Ella le tendió el paquete, y Emma leyó las palabras Tesoros preciosos en la parte superior. Su curiosidad quedó enormemente despertada.
Harriet desdobló el paquete, y ella observó con impaciencia. Dentro, entre una abundancia de papel de plata, había una bonita y pequeña caja de Tunbridge, que Harriet abrió: estaba bien forrada con el algodón más suave; pero, a excepción del algodón, Emma solo vio un pequeño trozo de tafetán inglés.
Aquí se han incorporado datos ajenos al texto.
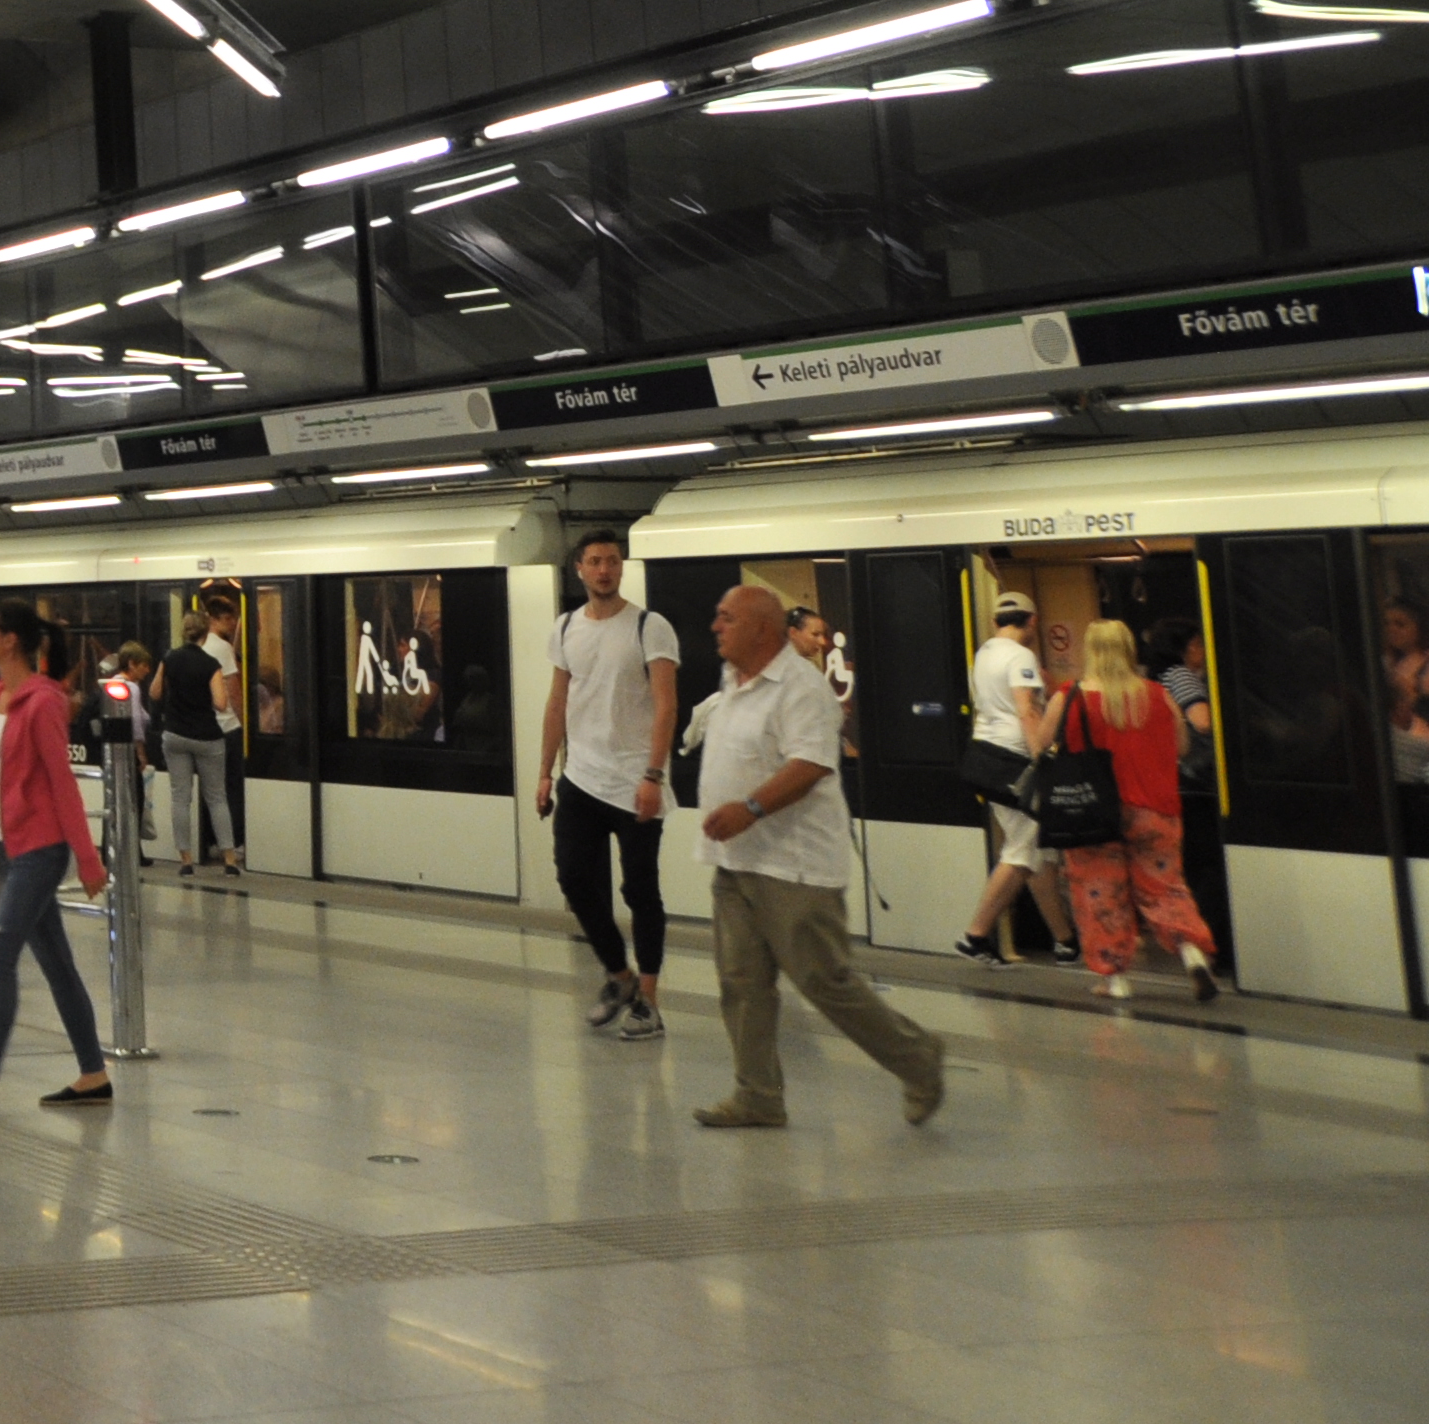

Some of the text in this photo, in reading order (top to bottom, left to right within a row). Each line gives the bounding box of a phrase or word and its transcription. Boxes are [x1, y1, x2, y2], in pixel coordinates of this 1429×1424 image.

—Ahora —dijo Harriet—, debes hacer memoria.
—No, en verdad que no.
“¡Dios me ampare! ¡No habría creído posible que pudieras olvidar lo que pasó en esta misma habitación acerca del tafetán inglés, una de las últimas veces que nos reunimos en ella!—Fue unos poquísimos días antes de que me diera dolor de garganta—justo antes de que vinieran el señor y la señora John Knightley—, creo que la misma noche.—¿No te acuerdas de que se cortó un dedo con tu cortaplumas nuevo, y de que tú le recomendaste tafetán inglés?—Pero como tú no llevabas ninguno encima, y sabías que yo sí, me pediste que le diera; así que saqué el mío y le corté un trozo; pero era muchísimo más grande, y él lo cortó más pequeño, y se estuvo un buen rato jugando con lo que sobró antes de devolvérmelo. Y entonces, con mis tonterías, no pude evitar guardarlo como un tesoro—así que lo aparté para no usarlo nunca, y lo miraba de vez en cuando como a un gran capricho”.
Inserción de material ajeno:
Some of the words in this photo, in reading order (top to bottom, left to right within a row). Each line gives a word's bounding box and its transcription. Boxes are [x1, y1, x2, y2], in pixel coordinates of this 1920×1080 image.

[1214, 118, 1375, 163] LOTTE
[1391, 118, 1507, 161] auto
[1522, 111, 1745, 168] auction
—¡Mi queridísima Harriet! —exclamó Emma, cubriéndose la cara con la mano y dando un salto—, me haces avergonzar de mí misma más de lo que puedo soportar. ¿Que si lo recuerdo? ¡Vaya, ahora lo recuerdo todo; todo, excepto que guardaras esta reliquia —de eso no sabía nada hasta este momento—, pero lo de cortarse el dedo, y lo de recomendarte yo tafetán inglés, y decir que no llevaba ninguno conmigo! ¡Oh, mis pecados, mis pecados! ¡Y tenía un montón en el bolsillo todo el tiempo! ¡Uno de mis actos estúpidos! ¡Merezco estar roja de vergüenza el resto de mi vida! Bueno —(volviéndose a sentar)—, continúa; ¿qué más?
“¿Y tenía usted realmente algunas a mano? Estoy segura de que nunca lo sospeché, lo hizo con tanta naturalidad”.
—¡Y conque al final guardaste este trozo de tafetán inglês por amor a él! —dijo Emma, recuperando la compostura y sintiéndose dividida entre el asombro y la diversión. Y en secreto añadió para sus adentros:—¡Dios me bendiga! ¿Cuándo se me habría ocurrido a mí guardar en algodón un trozo de tafetán inglés con el que Frank Churchill había estado manoseando? Nunca he estado a la altura de esto.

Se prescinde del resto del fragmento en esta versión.